- [What you will do]:
Transcribe every entry below word for word, but skip the pictures.

- [Records for this exercise]:

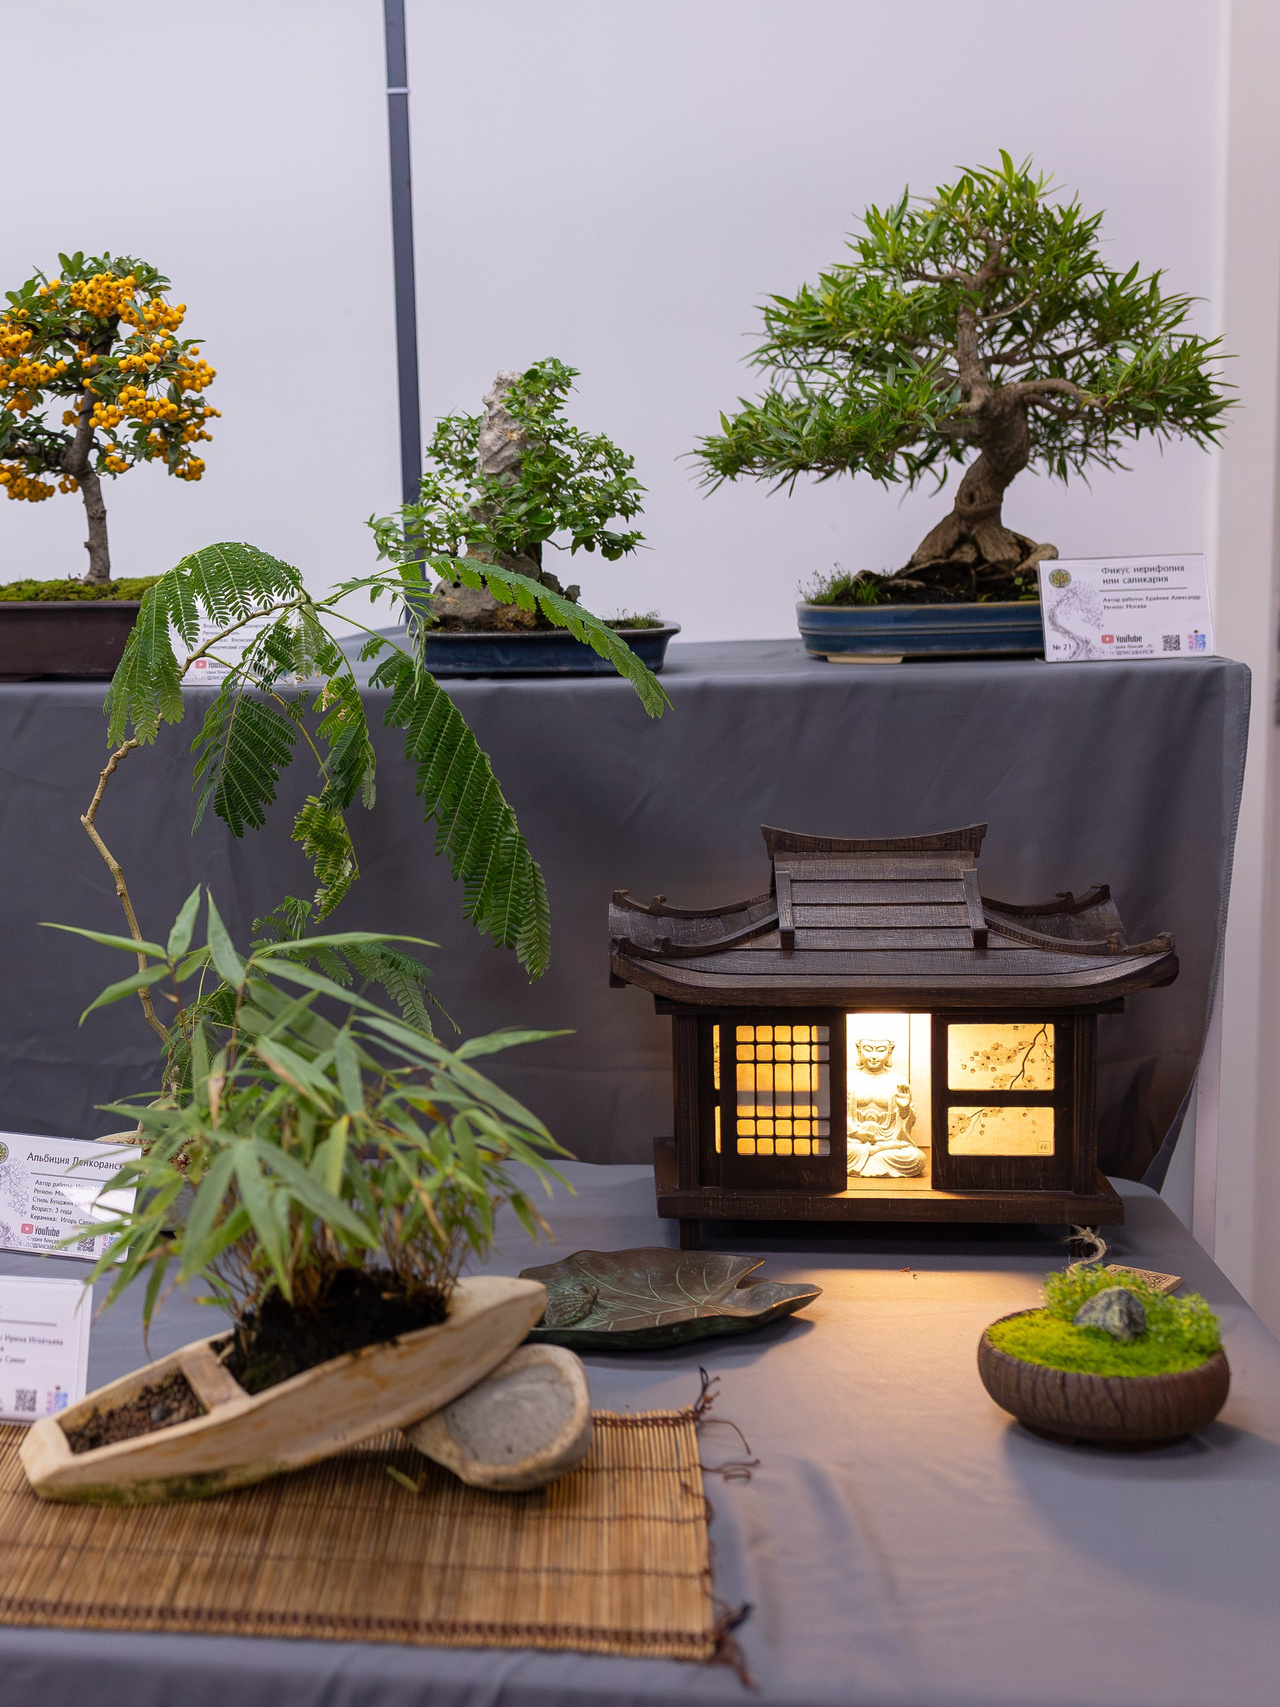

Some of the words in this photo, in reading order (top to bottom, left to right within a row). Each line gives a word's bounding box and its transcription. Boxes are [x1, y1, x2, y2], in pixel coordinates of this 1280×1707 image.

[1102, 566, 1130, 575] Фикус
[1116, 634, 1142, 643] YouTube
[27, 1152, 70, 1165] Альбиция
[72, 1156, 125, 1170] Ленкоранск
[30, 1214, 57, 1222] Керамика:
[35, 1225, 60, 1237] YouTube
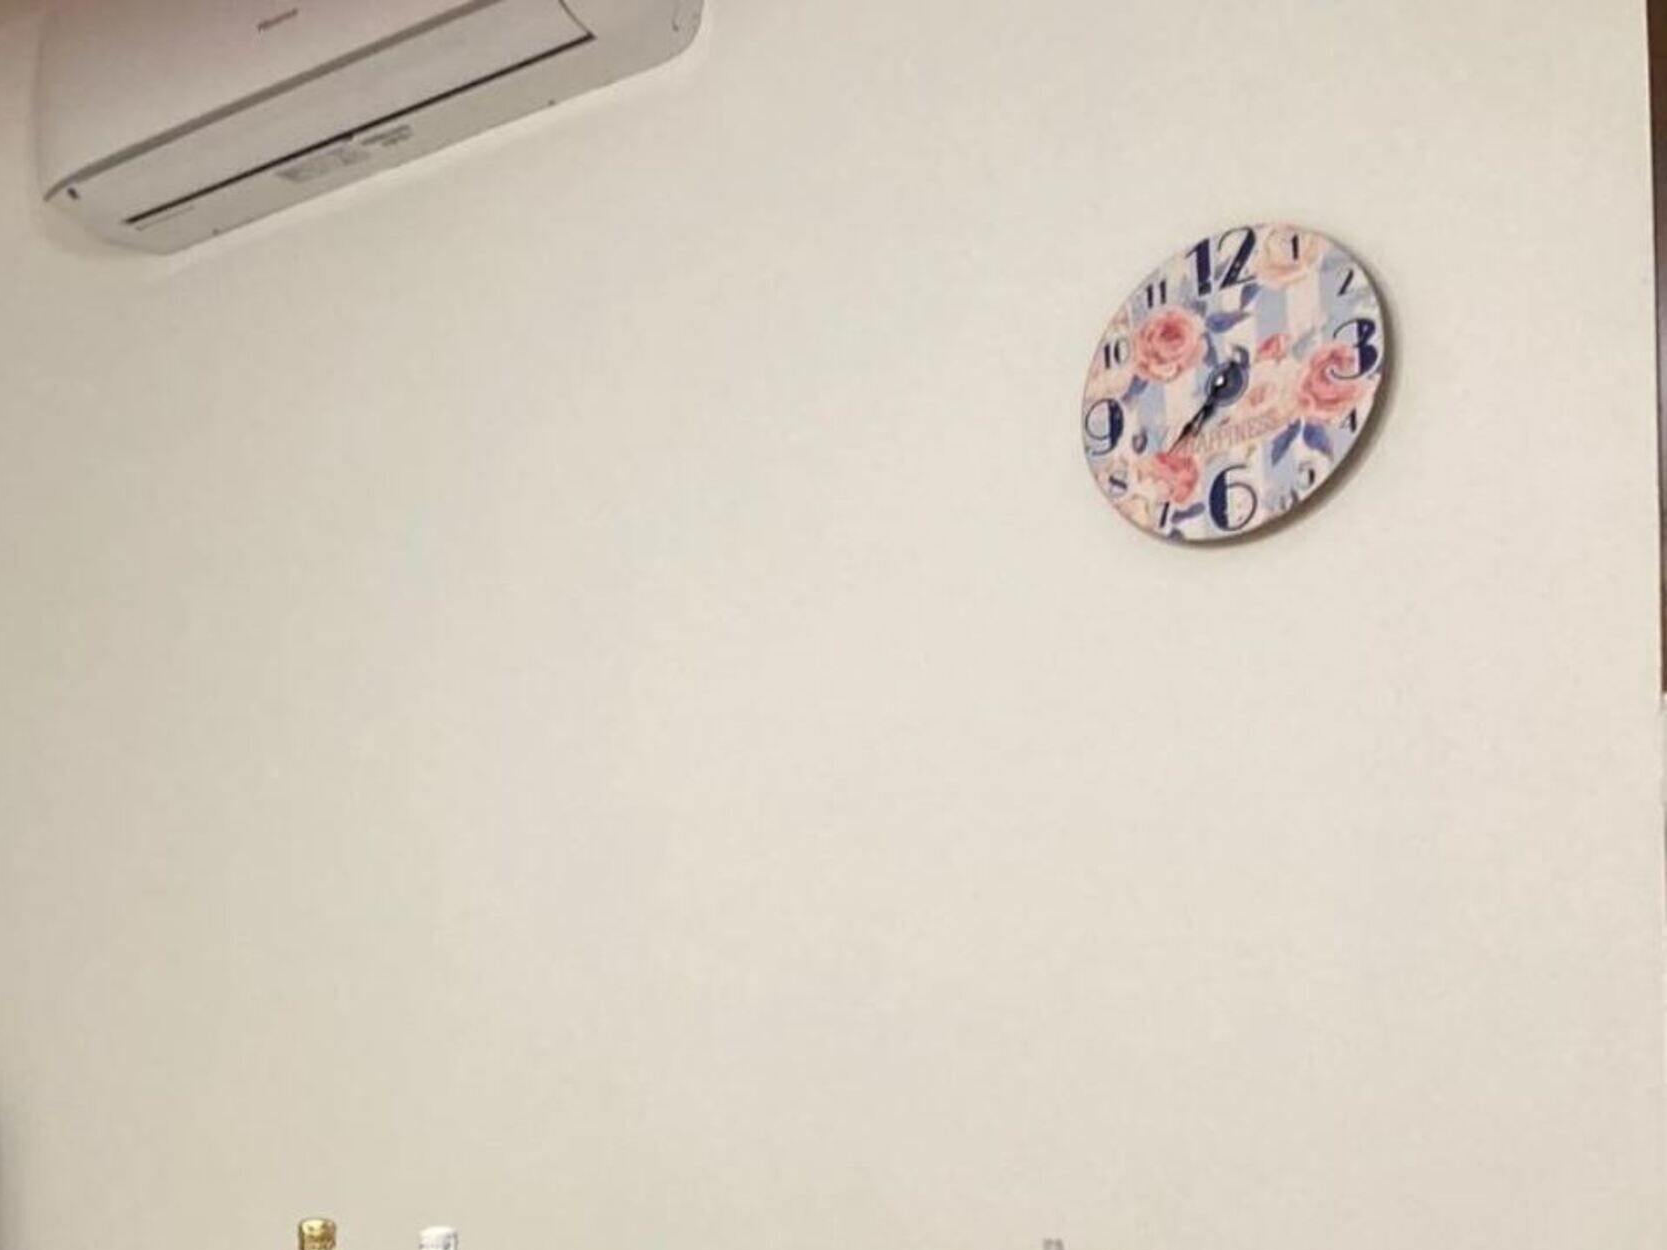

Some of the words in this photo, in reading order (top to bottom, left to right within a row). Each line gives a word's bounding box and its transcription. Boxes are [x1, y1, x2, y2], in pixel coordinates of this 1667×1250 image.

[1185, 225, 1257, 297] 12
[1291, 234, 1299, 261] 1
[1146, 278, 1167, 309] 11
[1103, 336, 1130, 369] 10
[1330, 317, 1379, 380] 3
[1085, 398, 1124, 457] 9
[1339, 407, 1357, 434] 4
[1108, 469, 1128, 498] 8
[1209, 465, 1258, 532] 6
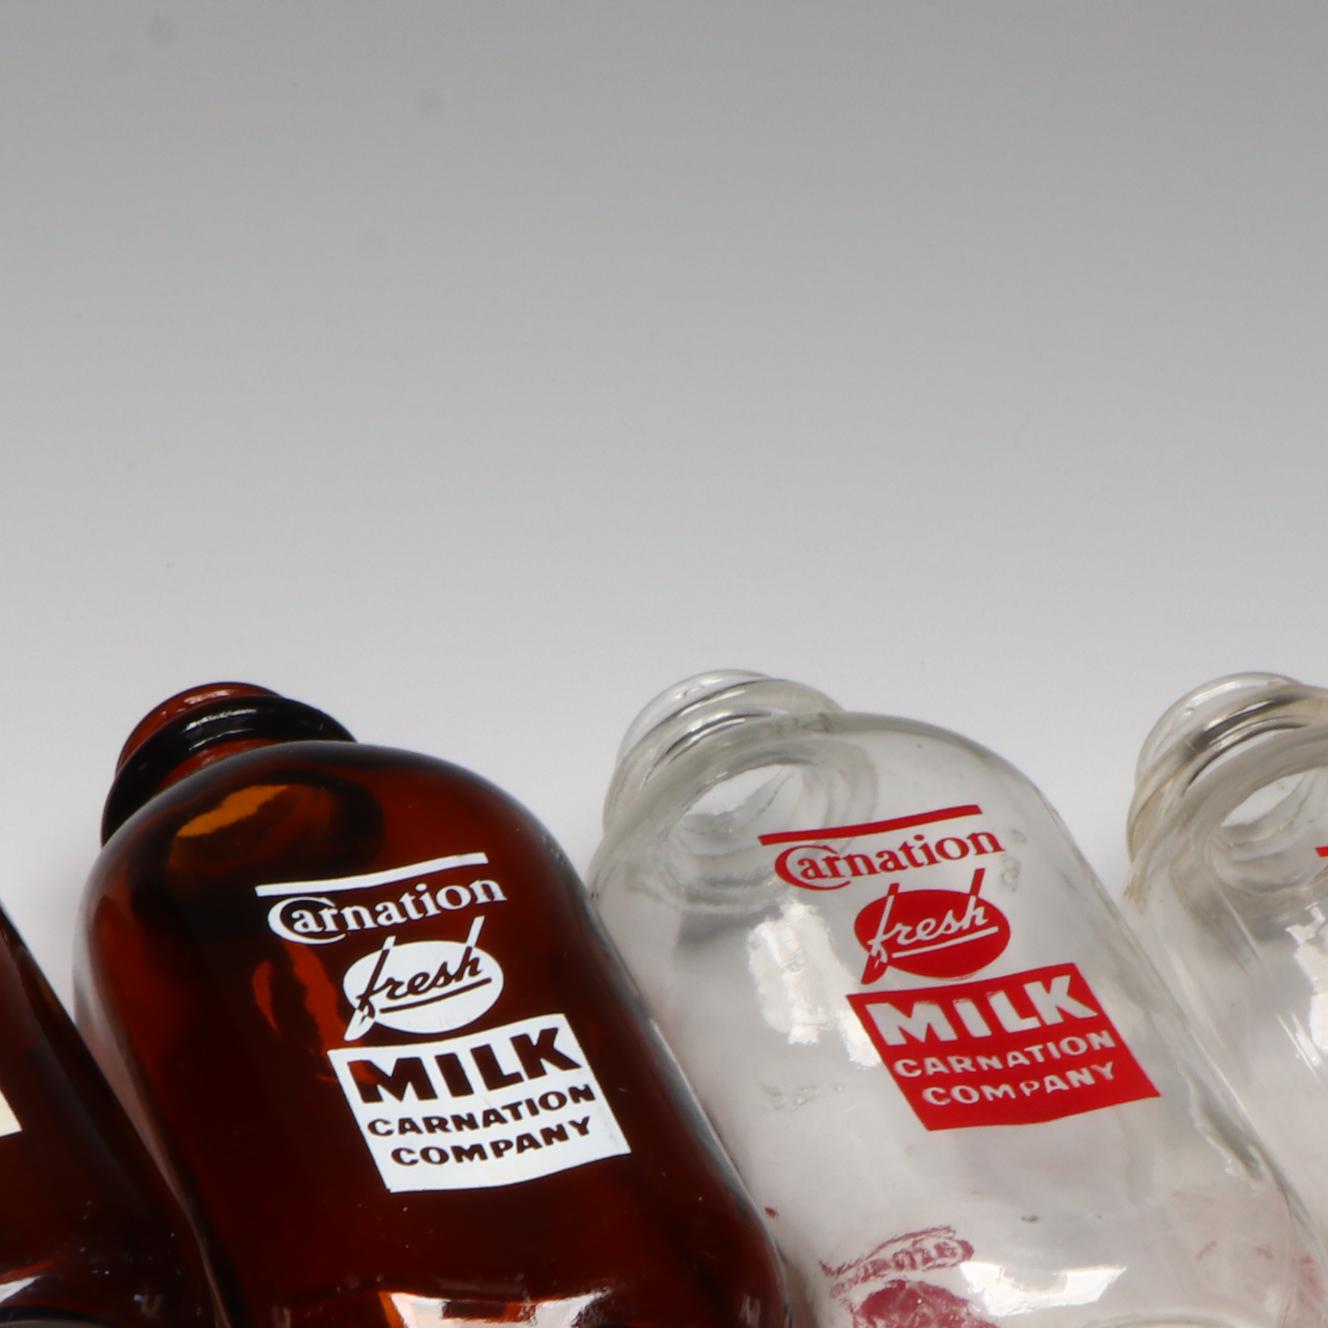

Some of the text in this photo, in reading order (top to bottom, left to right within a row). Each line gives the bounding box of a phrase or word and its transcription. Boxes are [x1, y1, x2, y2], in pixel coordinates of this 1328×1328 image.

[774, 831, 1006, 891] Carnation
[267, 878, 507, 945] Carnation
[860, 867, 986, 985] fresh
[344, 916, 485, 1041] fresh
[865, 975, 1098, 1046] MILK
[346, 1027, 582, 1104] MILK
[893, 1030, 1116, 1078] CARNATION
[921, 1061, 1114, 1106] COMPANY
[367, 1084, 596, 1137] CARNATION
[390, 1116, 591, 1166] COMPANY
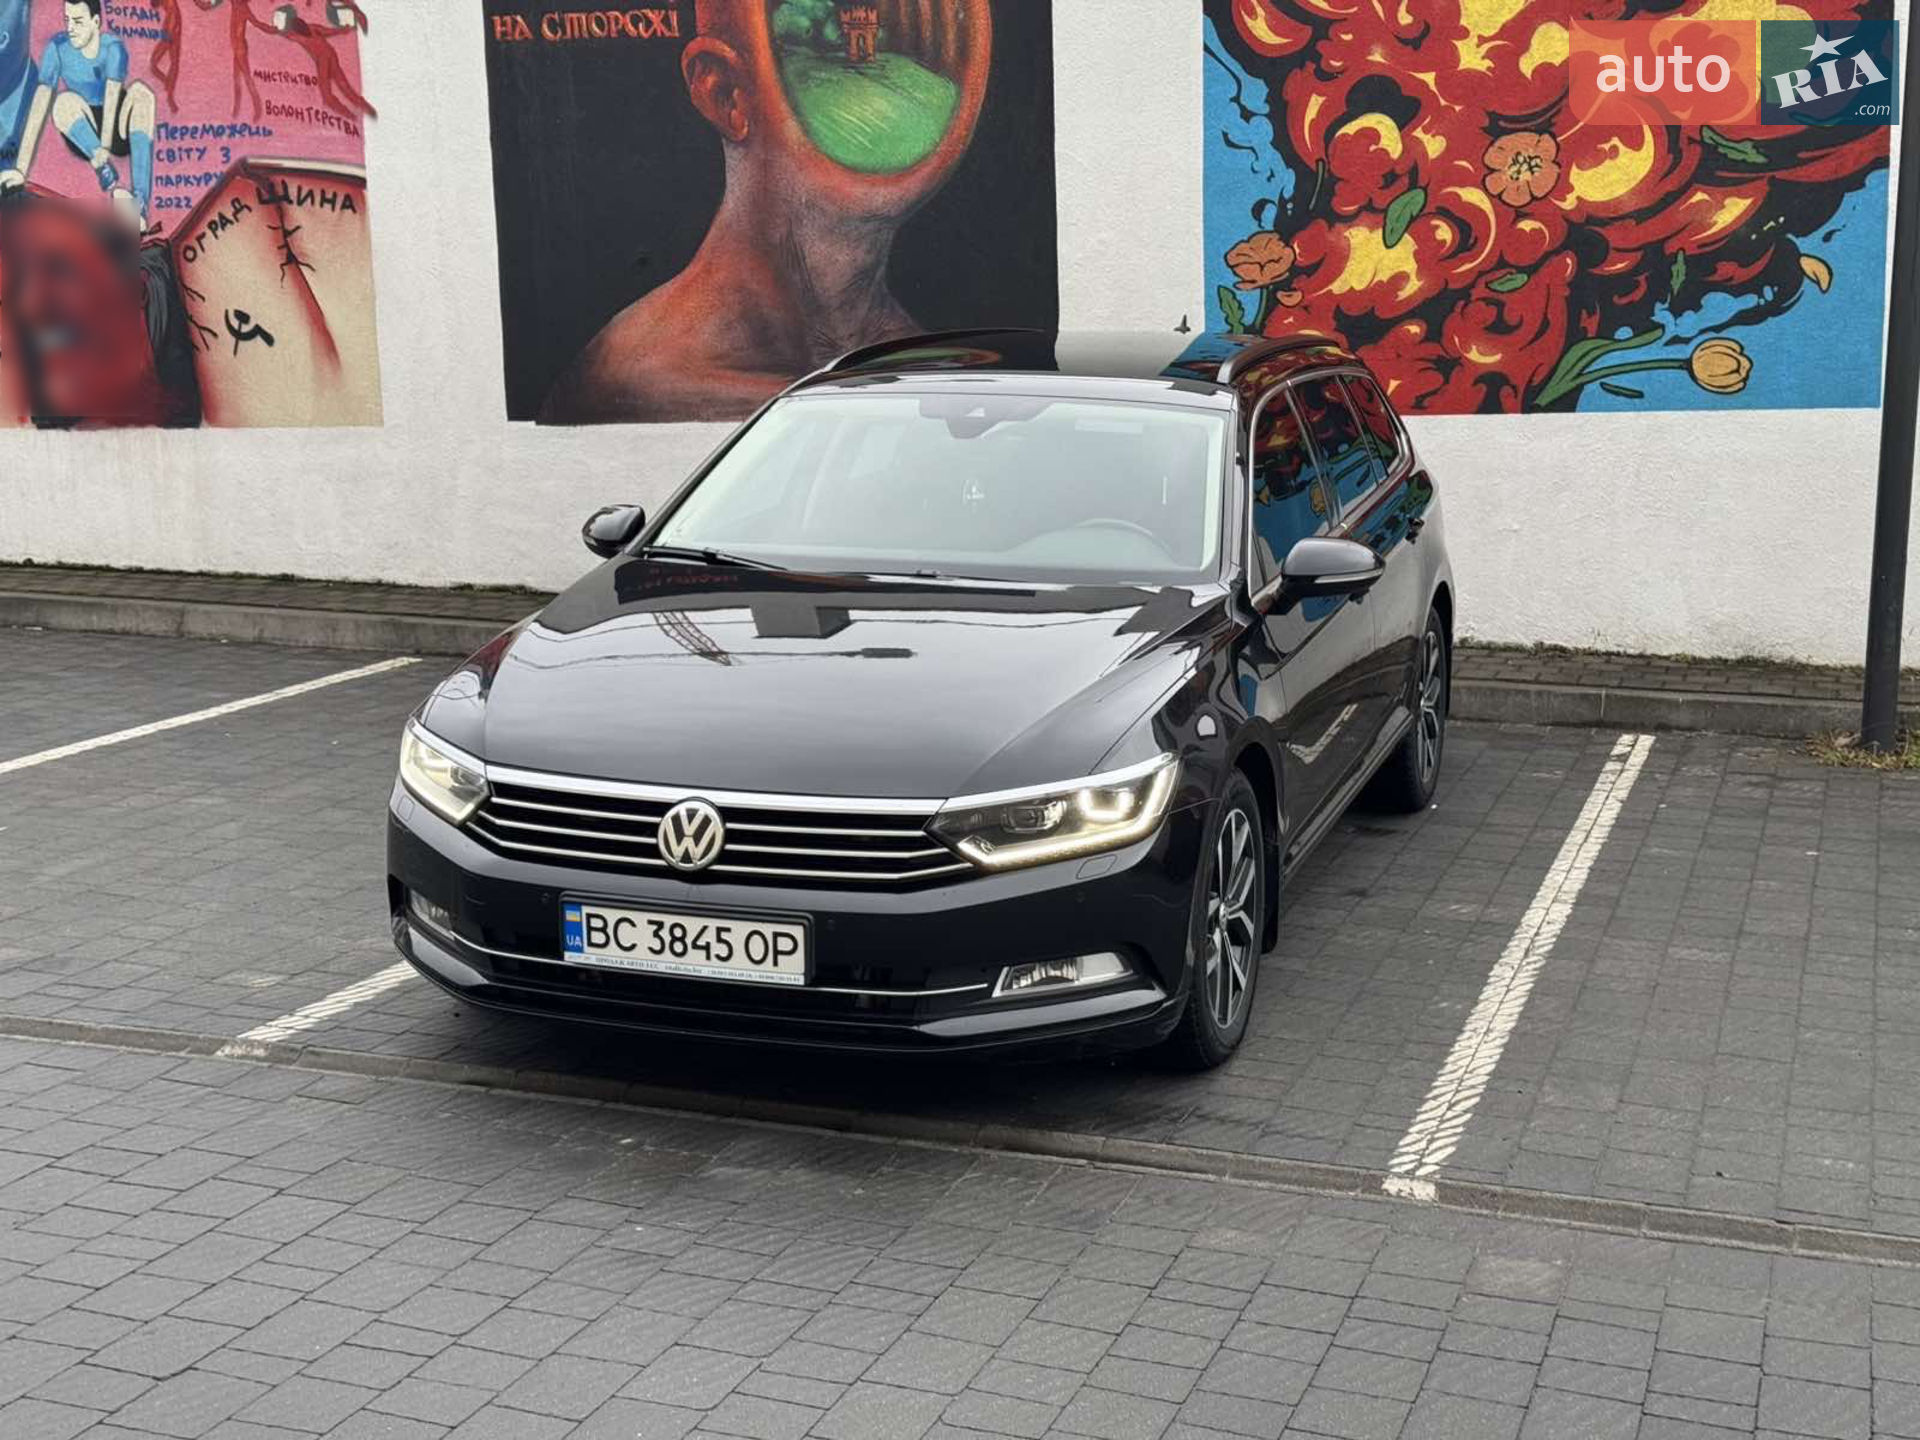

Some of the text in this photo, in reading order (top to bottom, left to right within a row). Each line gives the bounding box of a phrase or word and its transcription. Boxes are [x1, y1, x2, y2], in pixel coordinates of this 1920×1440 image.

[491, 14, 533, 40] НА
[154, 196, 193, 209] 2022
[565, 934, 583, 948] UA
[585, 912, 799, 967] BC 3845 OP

- [Finished exercise]:
Some of the words in this photo, in reading order (top to bottom, left to right within a row). Each line gives a word's bounding box and its transcription. Boxes are [x1, y1, x2, y2], in pixel coordinates of this 1280×1707 image.

[1102, 566, 1130, 575] Фикус
[1116, 634, 1142, 643] YouTube
[27, 1152, 70, 1165] Альбиция
[72, 1156, 125, 1170] Ленкоранск
[30, 1214, 57, 1222] Керамика:
[35, 1225, 60, 1237] YouTube

Some of the words in this photo, in reading order (top to bottom, left to right within a row). Each line gives a word's bounding box and its transcription. Boxes are [x1, y1, x2, y2], in pixel coordinates of this 1667×1250 image.

[1185, 225, 1257, 297] 12
[1291, 234, 1299, 261] 1
[1146, 278, 1167, 309] 11
[1103, 336, 1130, 369] 10
[1330, 317, 1379, 380] 3
[1085, 398, 1124, 457] 9
[1339, 407, 1357, 434] 4
[1108, 469, 1128, 498] 8
[1209, 465, 1258, 532] 6

Some of the text in this photo, in reading order (top to bottom, left to right within a row). Each line gives the bounding box of a phrase or word and its transcription. Boxes are [x1, y1, x2, y2], in pixel coordinates of this 1328×1328 image.

[774, 831, 1006, 891] Carnation
[267, 878, 507, 945] Carnation
[860, 867, 986, 985] fresh
[344, 916, 485, 1041] fresh
[865, 975, 1098, 1046] MILK
[346, 1027, 582, 1104] MILK
[893, 1030, 1116, 1078] CARNATION
[921, 1061, 1114, 1106] COMPANY
[367, 1084, 596, 1137] CARNATION
[390, 1116, 591, 1166] COMPANY

Some of the text in this photo, in reading order (top to bottom, left to right within a row). Each line gives the bounding box of a phrase or word and its transcription. Boxes are [x1, y1, x2, y2], in pixel coordinates of this 1920×1440 image.

[491, 14, 533, 40] НА
[154, 196, 193, 209] 2022
[565, 934, 583, 948] UA
[585, 912, 799, 967] BC 3845 OP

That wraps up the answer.